Saved entries:
++++++++++
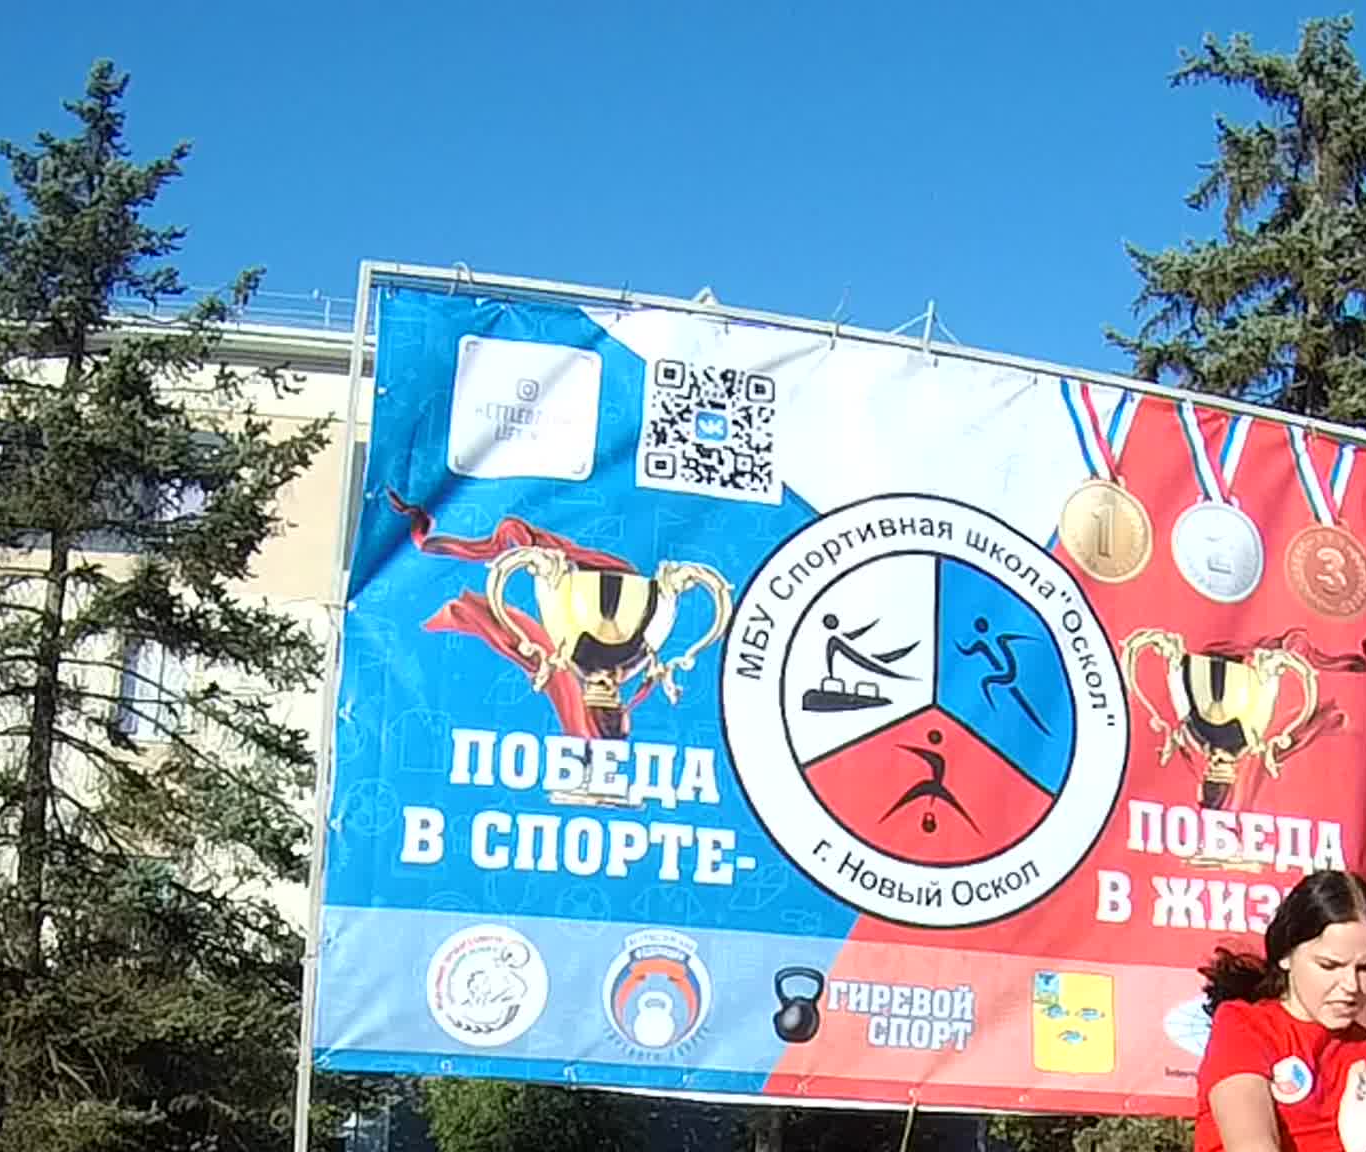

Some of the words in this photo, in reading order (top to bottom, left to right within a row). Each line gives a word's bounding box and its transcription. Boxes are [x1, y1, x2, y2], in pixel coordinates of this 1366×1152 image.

[736, 603, 775, 680] МБУ
[769, 517, 953, 600] Спортивная
[966, 528, 1056, 599] школа
[449, 727, 720, 808] ПОБЕДА
[400, 805, 445, 864] В
[471, 810, 756, 885] СПОРТЕ-
[1127, 799, 1346, 874] ПОБЕДА
[812, 839, 832, 862] г.
[837, 851, 942, 907] Новый
[951, 860, 1040, 906] Оскол
[1096, 869, 1132, 923] В
[1151, 876, 1288, 936] ЖИЗ
[827, 980, 974, 1020] ГИРЕВОЙ
[868, 1015, 972, 1051] СПОРТ
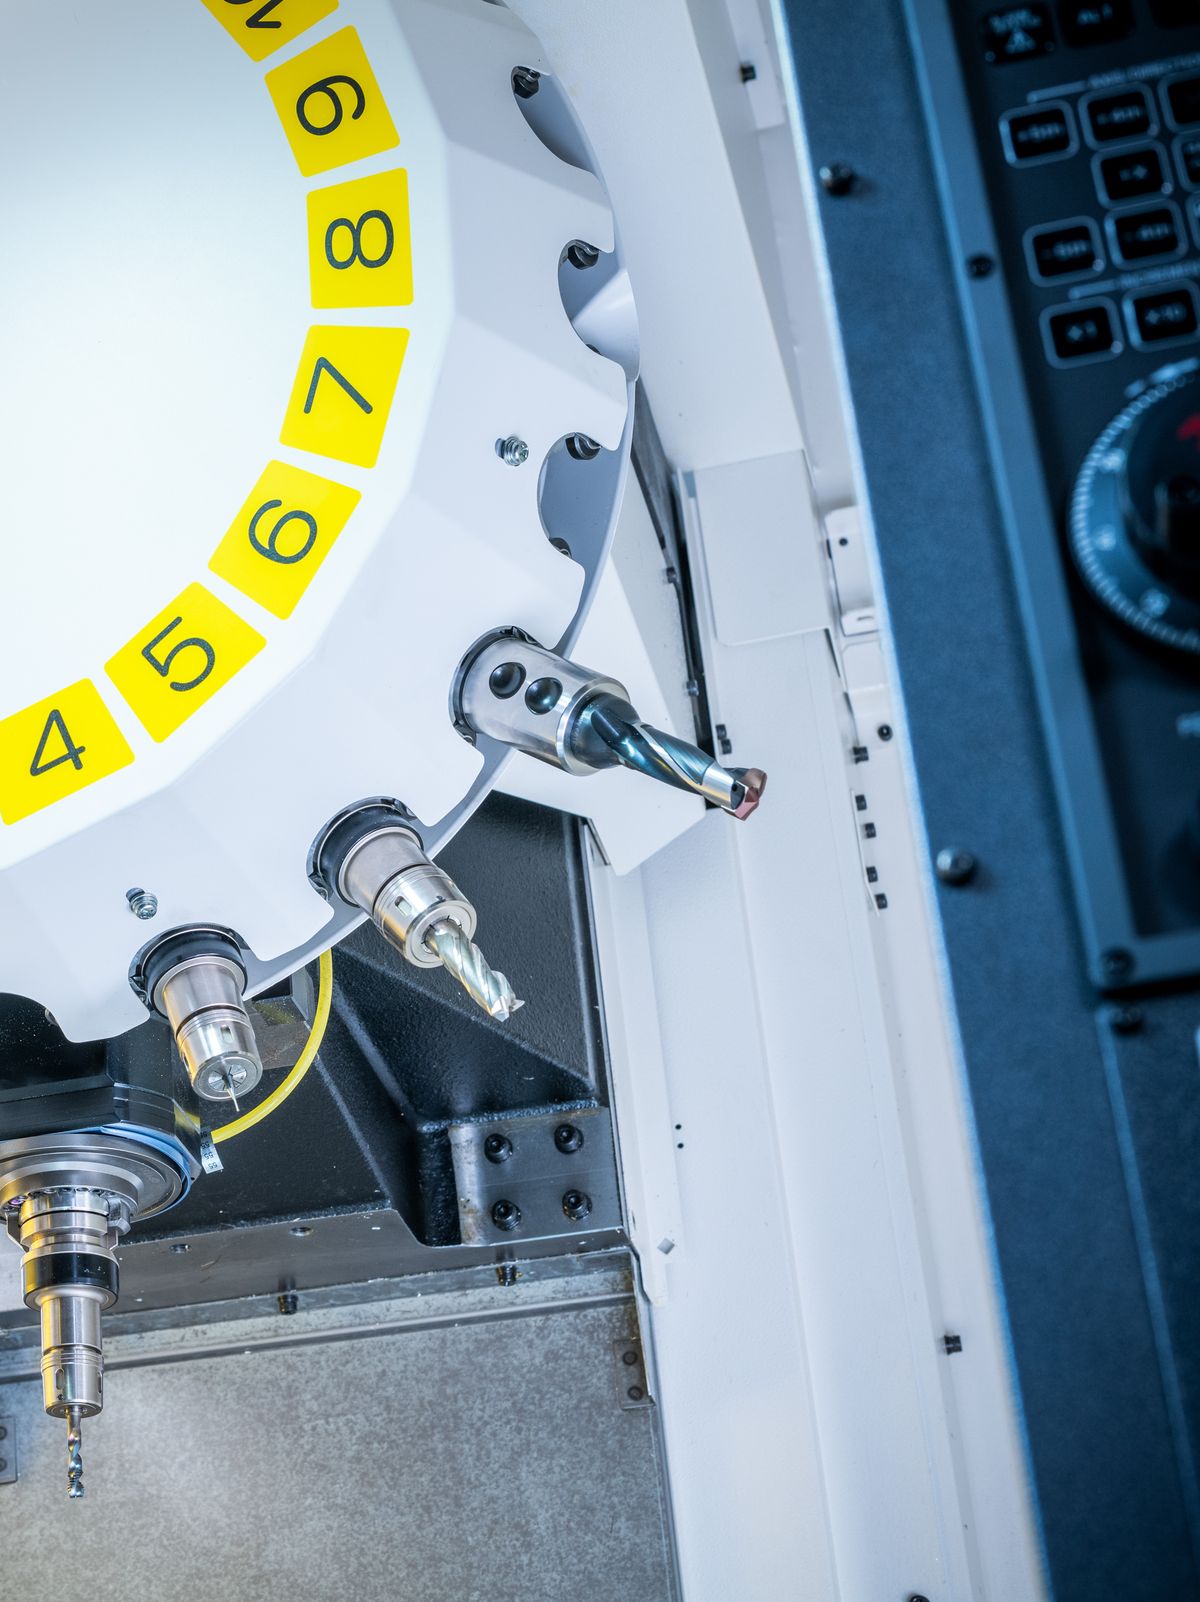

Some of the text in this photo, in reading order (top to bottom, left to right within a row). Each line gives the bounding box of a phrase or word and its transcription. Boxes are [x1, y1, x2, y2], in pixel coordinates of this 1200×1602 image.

[296, 75, 366, 136] 9
[325, 210, 395, 270] 8
[304, 358, 374, 415] 7
[249, 501, 319, 566] 6
[142, 617, 216, 693] 5
[30, 710, 87, 778] 4
++++++++++
§ Task item: Output the data exactly. Leave every picture out.

§ Exercise answer:
Some of the words in this photo, in reading order (top to bottom, left to right within a row). Each line gives a word's bounding box and its transcription. Boxes are [x1, y1, x2, y2], in pixel coordinates of this 1366×1152 image.

[736, 603, 775, 680] МБУ
[769, 517, 953, 600] Спортивная
[966, 528, 1056, 599] школа
[449, 727, 720, 808] ПОБЕДА
[400, 805, 445, 864] В
[471, 810, 756, 885] СПОРТЕ-
[1127, 799, 1346, 874] ПОБЕДА
[812, 839, 832, 862] г.
[837, 851, 942, 907] Новый
[951, 860, 1040, 906] Оскол
[1096, 869, 1132, 923] В
[1151, 876, 1288, 936] ЖИЗ
[827, 980, 974, 1020] ГИРЕВОЙ
[868, 1015, 972, 1051] СПОРТ

Some of the text in this photo, in reading order (top to bottom, left to right within a row). Each line gives the bounding box of a phrase or word and its transcription. Boxes are [x1, y1, x2, y2], in pixel coordinates of this 1200×1602 image.

[296, 75, 366, 136] 9
[325, 210, 395, 270] 8
[304, 358, 374, 415] 7
[249, 501, 319, 566] 6
[142, 617, 216, 693] 5
[30, 710, 87, 778] 4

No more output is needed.